- YOMIURI EDITORIAL
Public won’t trust driverless vehicles unless strong safety system is set up
13:37 JST, April 20, 2021
Work is in full swing to draw up rules for transportation services with driverless, autonomous vehicles that will replace conventional buses and taxis.
Before such services can be rolled out, the government and service operators must establish legislation and a system to ensure safety, and gain the understanding of residents of areas where services are to be provided.
The government has set a goal of commercializing driverless transportation services around fiscal 2022 and introducing such services in more than 100 locations across the nation by 2030.
According to the Land, Infrastructure, Transport and Tourism Ministry, the envisaged service will initially use a golf cart-like vehicle with several people on board, running at a low speed of about 10 kph. The system is expected to be introduced in restricted areas in underpopulated districts with little traffic and few intersections, spanning a few kilometers.
The number of bus users has decreased mainly in regional areas due to depopulation and other factors. Routes covering a total distance of about 13,000 kilometers have been discontinued over the past 10 years. The introduction of driverless vehicles in these areas would solve the issue of driver shortages and make it easier for the elderly to go shopping or to the hospital.
The question is how to ensure safe operation. An expert panel of the National Police Agency released a report this month outlining a framework of safety measures.

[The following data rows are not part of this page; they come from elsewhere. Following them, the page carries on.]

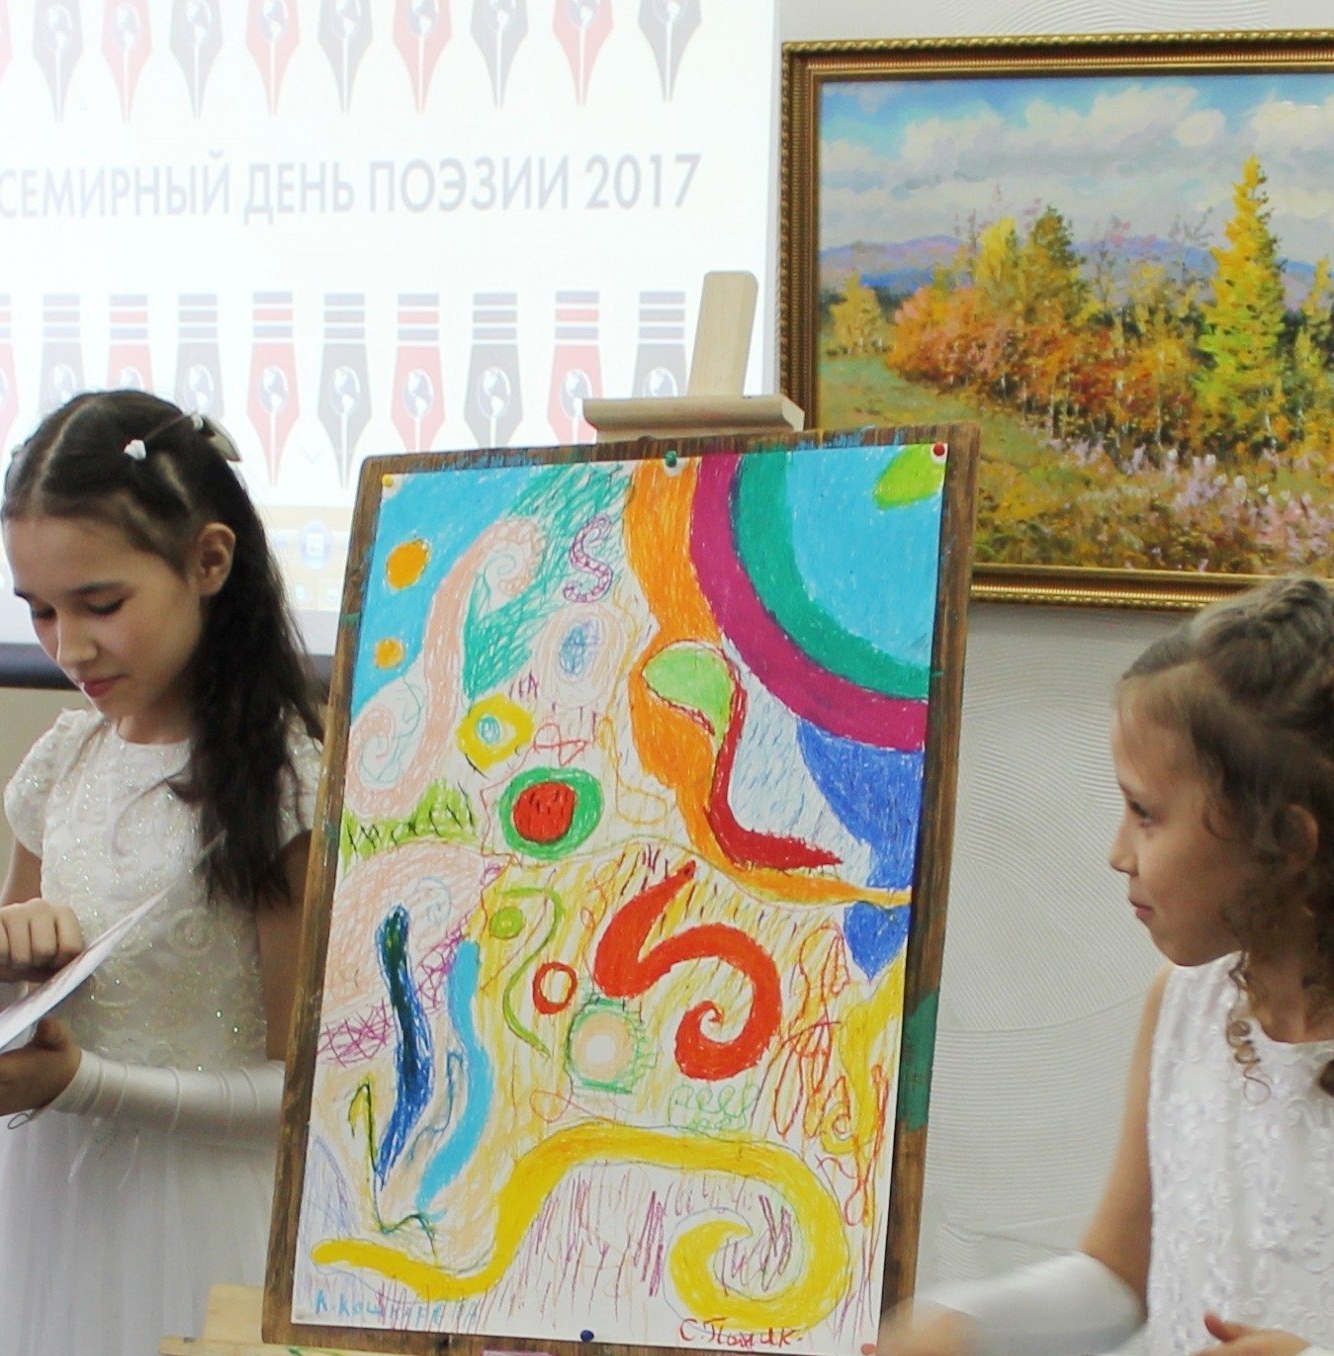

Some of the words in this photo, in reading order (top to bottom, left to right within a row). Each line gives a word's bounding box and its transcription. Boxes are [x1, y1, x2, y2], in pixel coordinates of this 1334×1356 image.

[243, 161, 355, 226] ДЕНЬ
[369, 154, 570, 213] ПОЭЗИИ
[584, 153, 703, 210] 2017
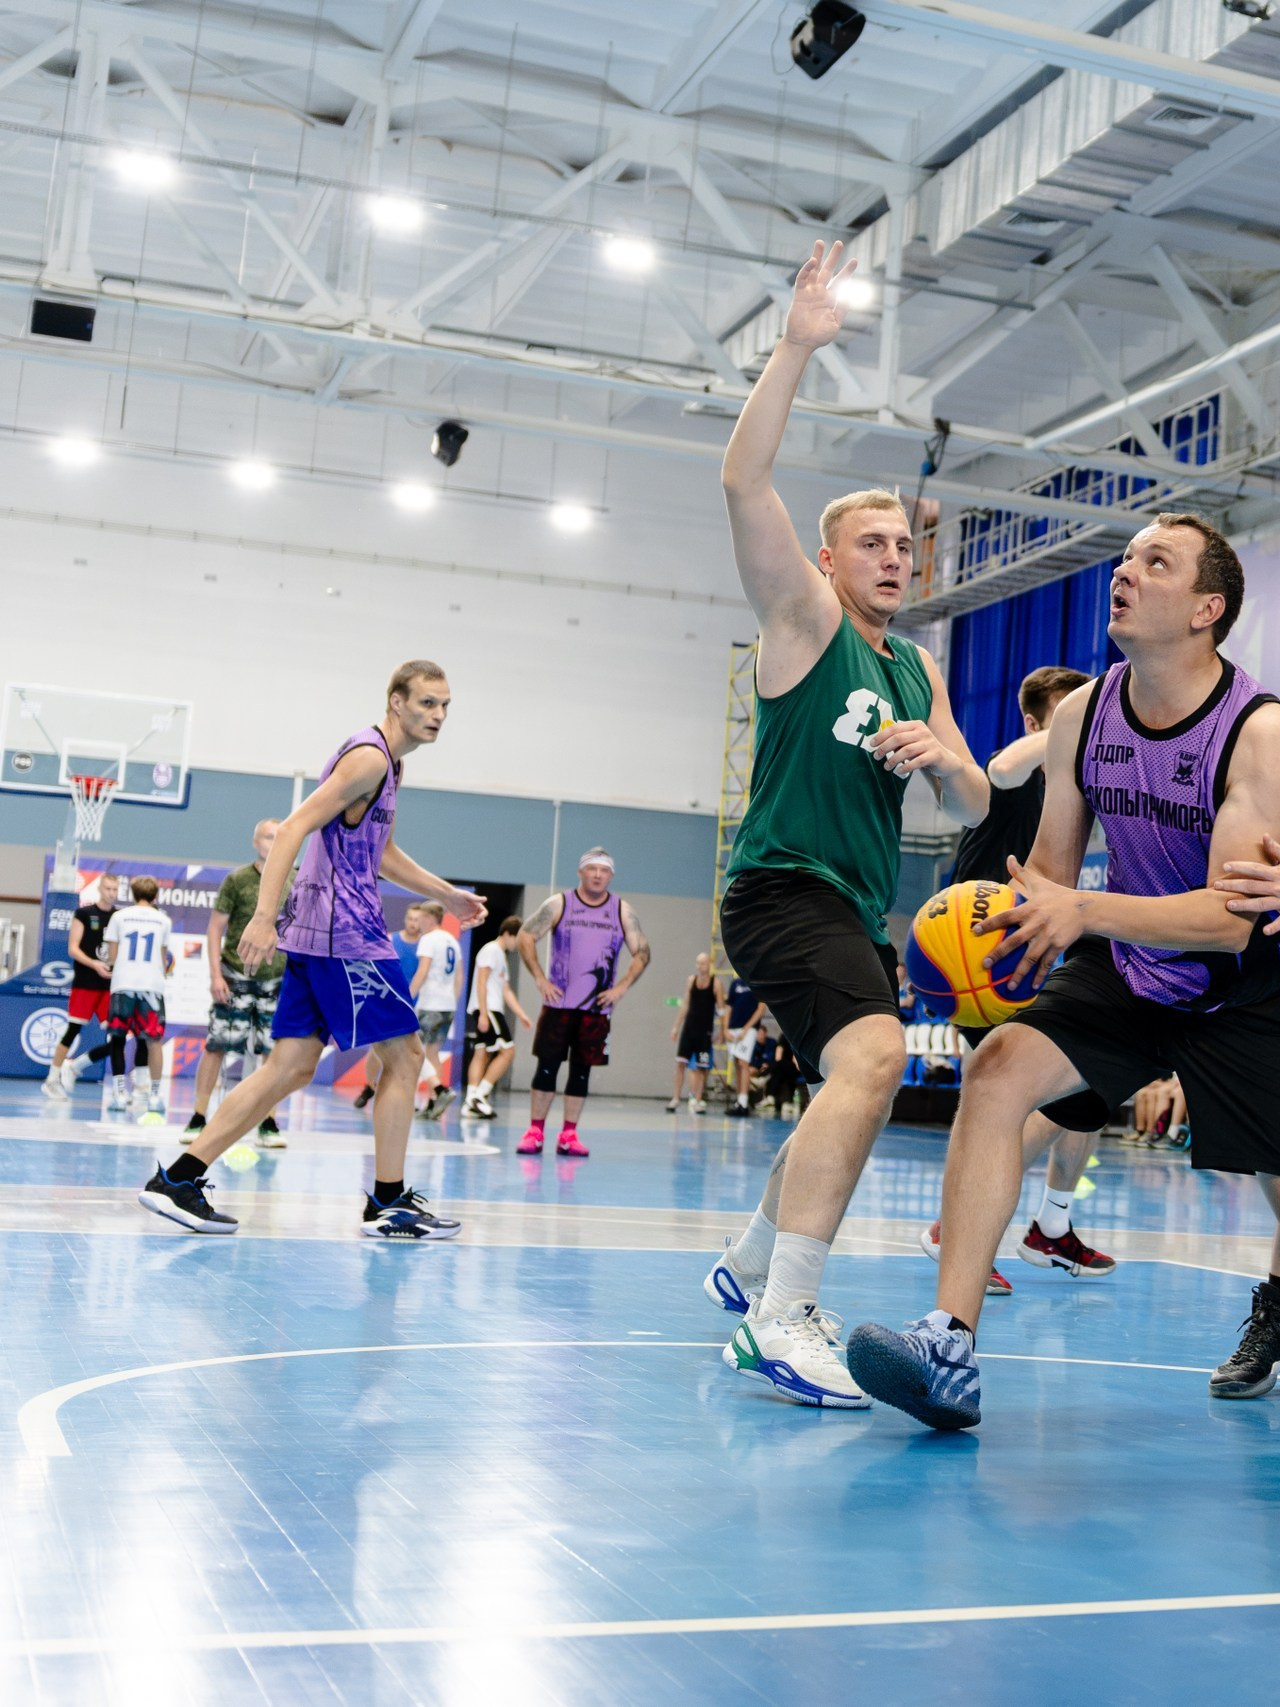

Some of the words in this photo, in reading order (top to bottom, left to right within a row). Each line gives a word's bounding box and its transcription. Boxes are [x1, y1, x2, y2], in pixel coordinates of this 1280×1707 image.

[1091, 743, 1135, 765] ЛДПР
[1086, 784, 1140, 818] ОКОЛЫ
[1141, 791, 1213, 834] ПРИМОРЬ
[124, 931, 155, 962] 11
[445, 947, 456, 975] 9

The report recommended the establishment of a system to examine the eligibility of operators in advance. It also stated that, in the event of an accident, it should be mandatory for personnel remotely monitoring the operation of the vehicles to report incidents to the police. Both of these requirements are essential for ensuring safety.
But no matter how strict the conditions are, it will be difficult to completely prevent accidents. There are still serious issues to be addressed, such as who will be responsible in the event of an accident, and how to establish a rescue system. The government must make safety a top priority and hold thorough discussions.
According to a survey conducted by a private research institute, nearly half of the respondents said they felt uneasy about the spread of autonomous vehicles. Many people were concerned about computer system malfunctions and where the responsibility lies in the event of an accident.
Such services will not become widespread if residents do not feel comfortable using them. It is important for the government and operators to carefully explain not only the advantages of driverless vehicles, but also the safety issues involved.
Automakers are developing driver assistance technologies to prevent accidents while developing driverless vehicles.
Autonomous vehicles developed by Toyota Motor Corp. will be used to provide transportation in the athletes’ village at this summer’s Tokyo Olympic and Paralympic Games. A service using driverless vehicles started in Eiheiji, Fukui Prefecture, in March. For ¥100, adults can travel along an about 2-kilometer route.
Cost is also an issue for the rollout of driverless transportation. The central and local governments must take such points into consideration during their planning for the commercialization of the technology.
— The original Japanese article appeared in The Yomiuri Shimbun on April 20, 2021.